外国企業のみならず、日本企業の行動もゲーム理論で説明できる。例えば、JALとJASの経営統合のケースをみてみよう。日本の航空業界はこれまでメガキャリアが3社であったが、以前より世界的にみてキャリアが過剰との指摘があった。このため3番手のJASの戦略が業界で注目されていたのである。結論からいえば、JALにとって独占禁止法上ANAとの提携・経営統合は出来ないことを前提にすると、「JASとの提携・経営統合の実現」か「ANAとJASとの提携・経営統合の傍観」の戦略オプションがあった。後者では従来のJAL単独での利得を確保できないため、防衛的に前者を選択したとみることができる。

ところで、9月28日にヤマト運輸は郵政公社を提訴したと発表した。ローソンでの郵政小包「ゆうパック」の取り扱いは、不公平な取引に該当するので中止せよというものだ。このケースもゲーム理論からみれば、ヤマト運輸の提訴は当然だ。もし中止になればローソンのみならず他のコンビニへの波及も防げるので、ヤマトの利得は増加する。もし中止に至らない場合でも、郵政公社の不公平さを世間に知らしめた結果、ヤマトの利得にはマイナス効果があっても、郵政公社の利得の大幅増加を抑制すると期待される。

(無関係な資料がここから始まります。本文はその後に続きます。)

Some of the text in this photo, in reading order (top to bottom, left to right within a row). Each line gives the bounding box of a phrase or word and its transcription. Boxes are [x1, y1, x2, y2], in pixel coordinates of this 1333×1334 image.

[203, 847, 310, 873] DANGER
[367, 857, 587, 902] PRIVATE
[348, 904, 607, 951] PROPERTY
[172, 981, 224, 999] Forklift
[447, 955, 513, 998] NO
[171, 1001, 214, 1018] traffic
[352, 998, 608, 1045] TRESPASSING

もっと単純に考えて、提訴することによってヤマトの「損失を最小限」にとどめることが出来るのである(これを「ミニマックス戦略」という)。

このように企業の取り巻く環境は、自社の行動のみならず他社の行動や思惑によって利害が左右される「戦略的環境」にある。日本企業においても、ゲーム理論のフレームワークを使った戦略的な意思決定の定着化が求められる所以である。しかしながら、日本企業の現状は経営トップの属人的な戦略眼による戦略的意思決定を除いて、経営スタッフがゲーム理論的発想で戦略オプションを検討して意思決定をサポートしている企業は少ない。欧米企業がゲーム理論の研究成果を活用して意思決定に生かしているのとは大違いである。

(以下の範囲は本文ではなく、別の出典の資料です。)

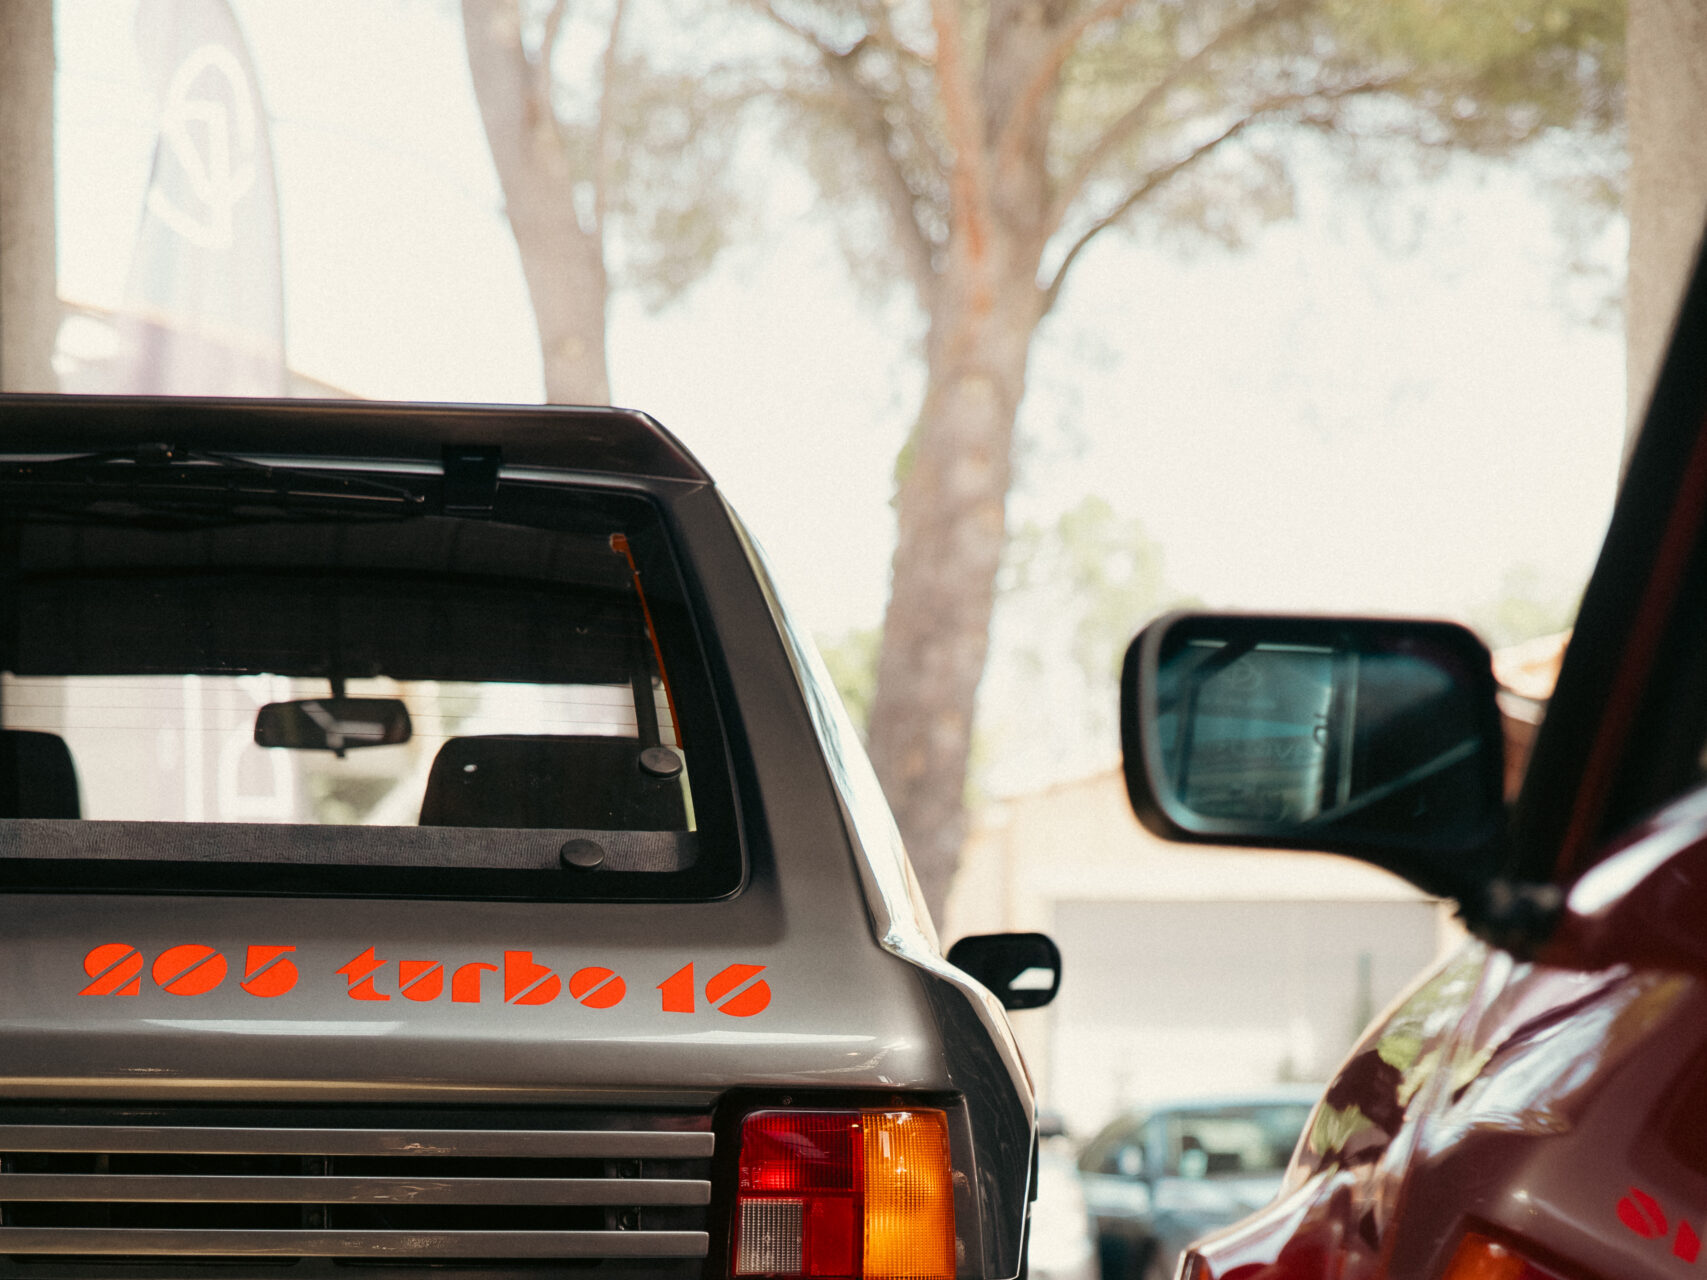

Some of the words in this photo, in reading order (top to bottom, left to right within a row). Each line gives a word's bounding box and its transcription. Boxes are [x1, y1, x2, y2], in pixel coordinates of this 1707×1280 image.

[77, 943, 298, 998] 205
[335, 945, 627, 1009] turbo
[656, 961, 772, 1018] 16

筆者は、もし日本企業がゲーム理論を経営のツールとして有効に活用すれば、戦略的意思決定の質は格段に向上すると考える。それには、先ず経営トップがその効果と活用方法を理解し、それから経営企画スタッフにゲーム理論を修得させるべきだ。


【竹生孝夫(ちくぶ・たかお】



【ご案内】5月末に拙著『ブランディング・カンパニー』が上梓されました。詳しくはこちらをご覧下さい!

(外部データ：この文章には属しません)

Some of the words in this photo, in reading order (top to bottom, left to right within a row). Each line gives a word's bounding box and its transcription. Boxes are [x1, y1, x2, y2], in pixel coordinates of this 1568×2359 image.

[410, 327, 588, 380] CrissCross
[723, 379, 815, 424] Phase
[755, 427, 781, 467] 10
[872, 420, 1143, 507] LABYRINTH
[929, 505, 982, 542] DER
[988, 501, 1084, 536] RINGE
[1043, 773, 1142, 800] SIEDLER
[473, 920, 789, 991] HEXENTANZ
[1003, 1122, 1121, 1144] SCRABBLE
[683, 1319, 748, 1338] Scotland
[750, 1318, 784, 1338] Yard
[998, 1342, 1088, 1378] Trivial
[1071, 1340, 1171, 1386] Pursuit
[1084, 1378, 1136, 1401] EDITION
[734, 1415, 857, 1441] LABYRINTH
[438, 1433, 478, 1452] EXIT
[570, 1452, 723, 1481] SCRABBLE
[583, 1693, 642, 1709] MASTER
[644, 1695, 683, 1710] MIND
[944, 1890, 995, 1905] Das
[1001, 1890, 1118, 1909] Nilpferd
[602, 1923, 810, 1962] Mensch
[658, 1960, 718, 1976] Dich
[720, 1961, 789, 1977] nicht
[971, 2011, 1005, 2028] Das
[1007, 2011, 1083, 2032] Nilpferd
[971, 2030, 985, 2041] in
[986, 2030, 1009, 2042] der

ホーム当社について戦略コンサルティングと私たち|トップ&ミドルへの提言
コンサルティングのご案内人材募集リンク集サイトマップ

E-mail お問い合わせ
info@csconsult.co.jp
Copyright 1997-, C&S Consultants, Inc. All rights reserved.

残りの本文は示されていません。